- Opening Delimiter -

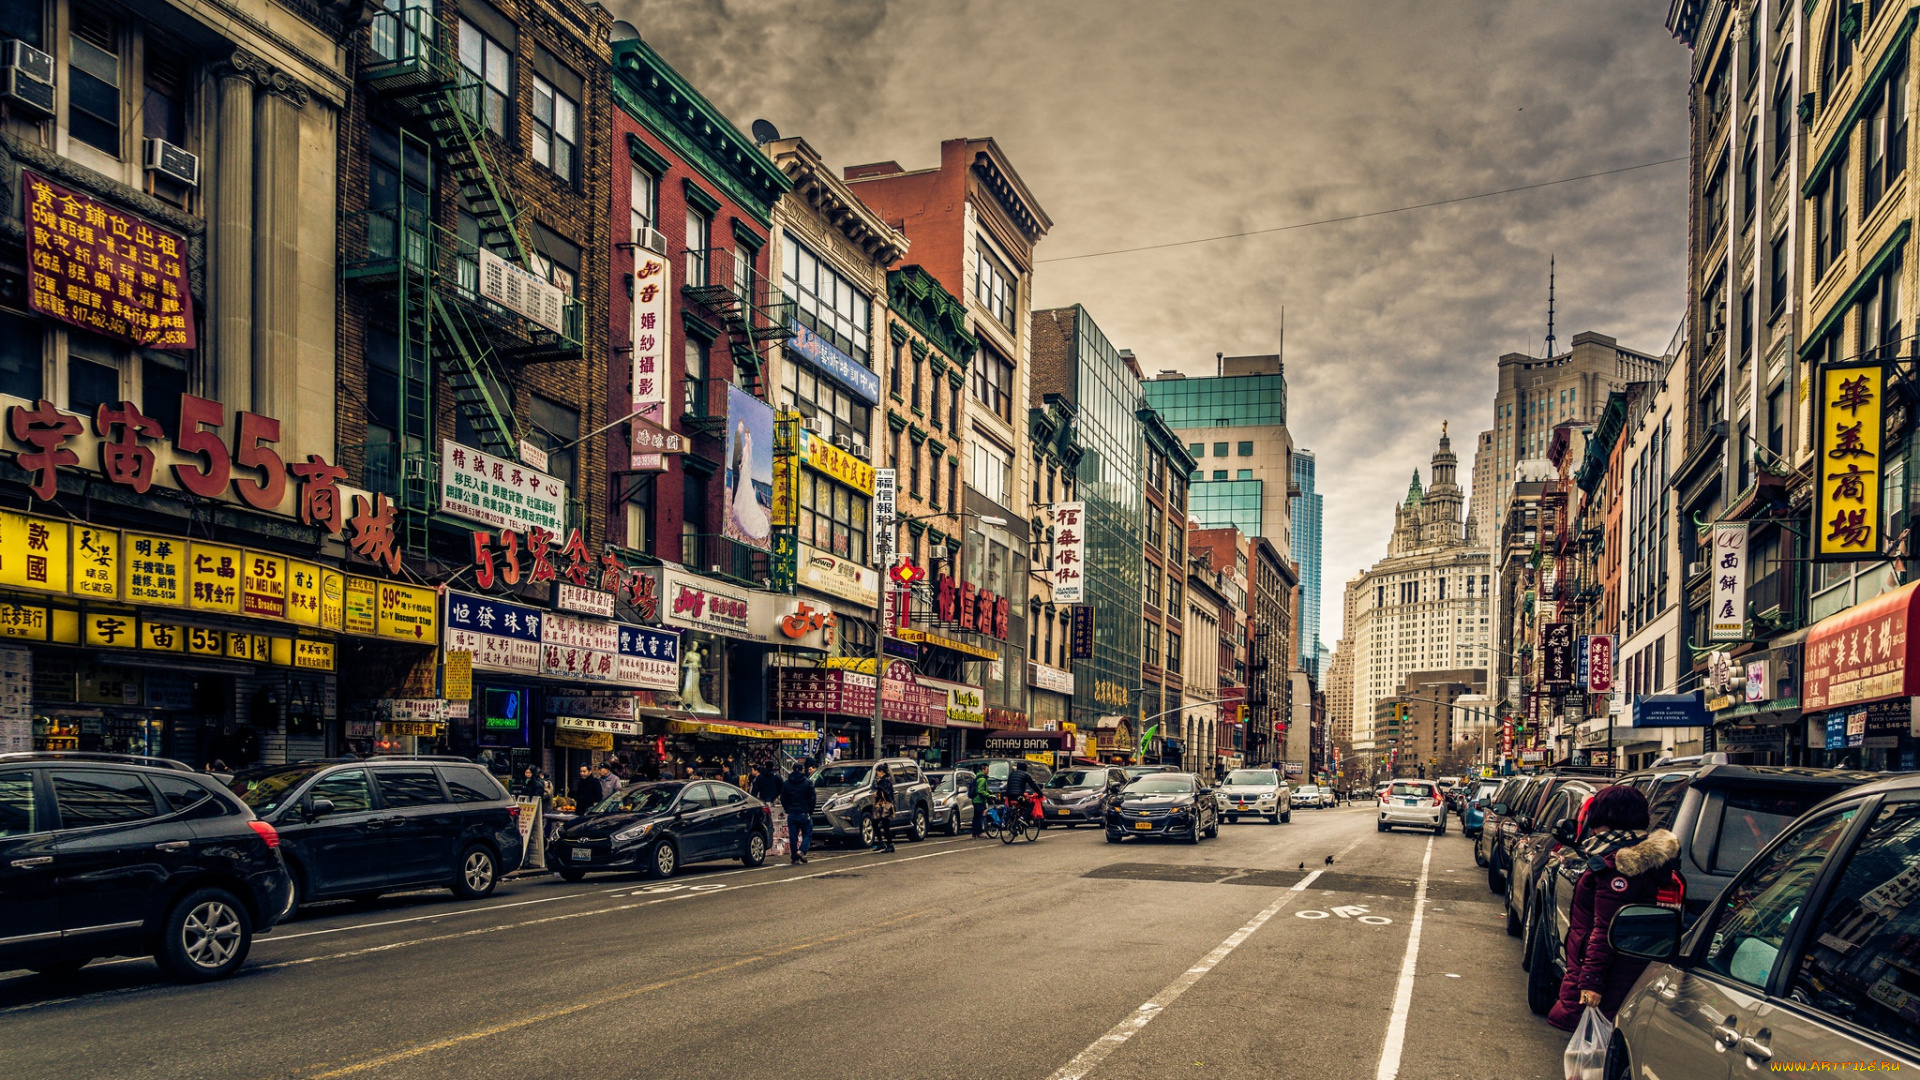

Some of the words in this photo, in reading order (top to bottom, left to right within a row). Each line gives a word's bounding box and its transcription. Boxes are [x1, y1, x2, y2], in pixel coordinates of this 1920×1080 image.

[31, 182, 179, 259] 黃金鋪位出租
[34, 226, 71, 256] 歡迎
[452, 447, 558, 498] 精誠服務中心
[810, 443, 875, 494] 中國社會民主黨
[1827, 374, 1876, 549] 華美商場
[454, 472, 489, 495] 移民入籍
[491, 484, 523, 506] 房屋貸款
[526, 495, 557, 516] 社區福利
[482, 497, 512, 516] 商業貸款
[514, 506, 562, 529] 免費政府醫療卡
[851, 503, 865, 524] 301
[135, 539, 173, 561] 明華
[1055, 508, 1082, 584] 福華傢俬
[1717, 530, 1744, 549] QQ
[131, 560, 176, 577] 手機電腦
[245, 575, 255, 591] FU
[255, 578, 269, 594] MEI
[253, 558, 277, 579] 55
[1719, 552, 1739, 619] 西餅屋
[453, 602, 540, 638] 恒發珠寶
[1834, 617, 1893, 672] 華美商場
[985, 738, 1022, 749] CATHAY
[1023, 738, 1049, 749] BANK

- Closing Delimiter -

Everything in the material goes into the copy exactly, except the images.

Some of the words in this photo, in reading order (top to bottom, left to right within a row). Each line gives a word's bounding box and its transcription. Boxes are [x1, y1, x2, y2], in pixel coordinates of this 1920×1080 image.

[31, 182, 179, 259] 黃金鋪位出租
[34, 226, 71, 256] 歡迎
[452, 447, 558, 498] 精誠服務中心
[810, 443, 875, 494] 中國社會民主黨
[1827, 374, 1876, 549] 華美商場
[454, 472, 489, 495] 移民入籍
[491, 484, 523, 506] 房屋貸款
[526, 495, 557, 516] 社區福利
[482, 497, 512, 516] 商業貸款
[514, 506, 562, 529] 免費政府醫療卡
[851, 503, 865, 524] 301
[135, 539, 173, 561] 明華
[1055, 508, 1082, 584] 福華傢俬
[1717, 530, 1744, 549] QQ
[131, 560, 176, 577] 手機電腦
[245, 575, 255, 591] FU
[255, 578, 269, 594] MEI
[253, 558, 277, 579] 55
[1719, 552, 1739, 619] 西餅屋
[453, 602, 540, 638] 恒發珠寶
[1834, 617, 1893, 672] 華美商場
[985, 738, 1022, 749] CATHAY
[1023, 738, 1049, 749] BANK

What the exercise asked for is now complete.